The specific aims are: (1) 100% of the RISE students graduate;90% apply to pipeline programs in their senior year (PhD, masters, or post-baccalaureate programs);65% enroll in doctoral programs within 4 years of UVI graduation;with 45% enrolling in PhD programs directly;(2) generate positive institutional change that impacts all students in RISE-relevant departments such that the percentage of students enrolling in doctoral programs increases in all departments. These objectives will be accomplished by an integrated program including: (1) development of a new RISE curriculum and faculty training in pedagogy, (2) activities designed to increase students'understanding of the biomedical research needs of the US Virgin Islands and minority communities nationally, (3) research training both on campus and at partner institutions and presentation of results at conferences, (4) visiting scientists to provide role models and networking, (5) special workshops designed to provide clear continuity to the next educational steps, and (6) a network of support including UVI faculty, RISE staff, and summer research mentors.
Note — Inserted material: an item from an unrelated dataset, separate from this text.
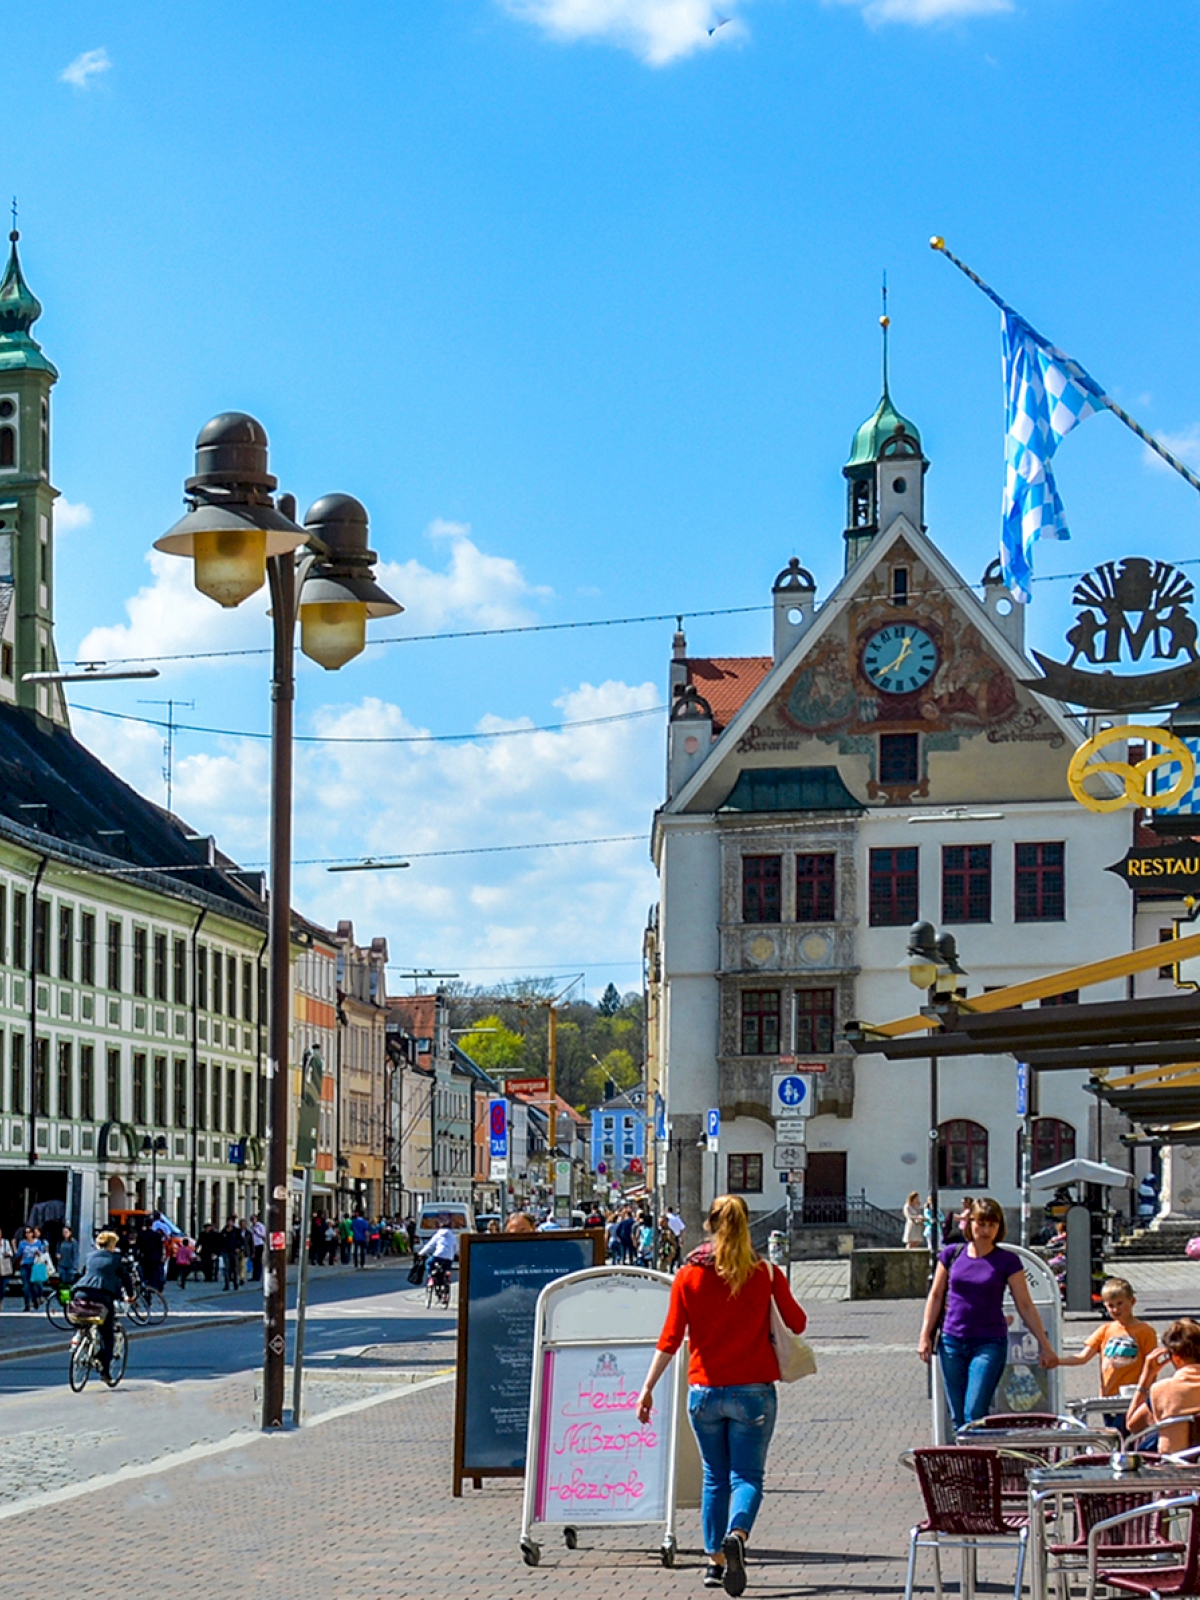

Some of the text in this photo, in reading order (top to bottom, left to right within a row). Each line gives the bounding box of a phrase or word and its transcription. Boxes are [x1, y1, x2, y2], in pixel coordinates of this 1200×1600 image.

The external evaluators will use a mixed methods design to provide rigorous formative and summative evaluation designed to compare students'development with a control group. The overarching vision is to catalyze an increasing commitment to research across the University.

Public Health Relevance

This MBRS-RISE Program at the University of the Virgin Islands is relevant to public health because it will produce a group of highly trained, competitive students with the intellectual capacity, motivation, and commitment needed for success in highly selective doctoral programs and biomedical research careers. These University of the Virgin Islands students will develop innovative ideas needed for life-saving biomedical breakthroughs. Because these students have unique culture, educational, and socioeconomic backgrounds, they will provide a different perspective from other researchers;this perspective may be the key to understanding environmental impacts on health, minority health disparities, and many other biomedical questions.

National Institute of Health (NIH)
National Institute of General Medical Sciences (NIGMS)
Education Projects (R25)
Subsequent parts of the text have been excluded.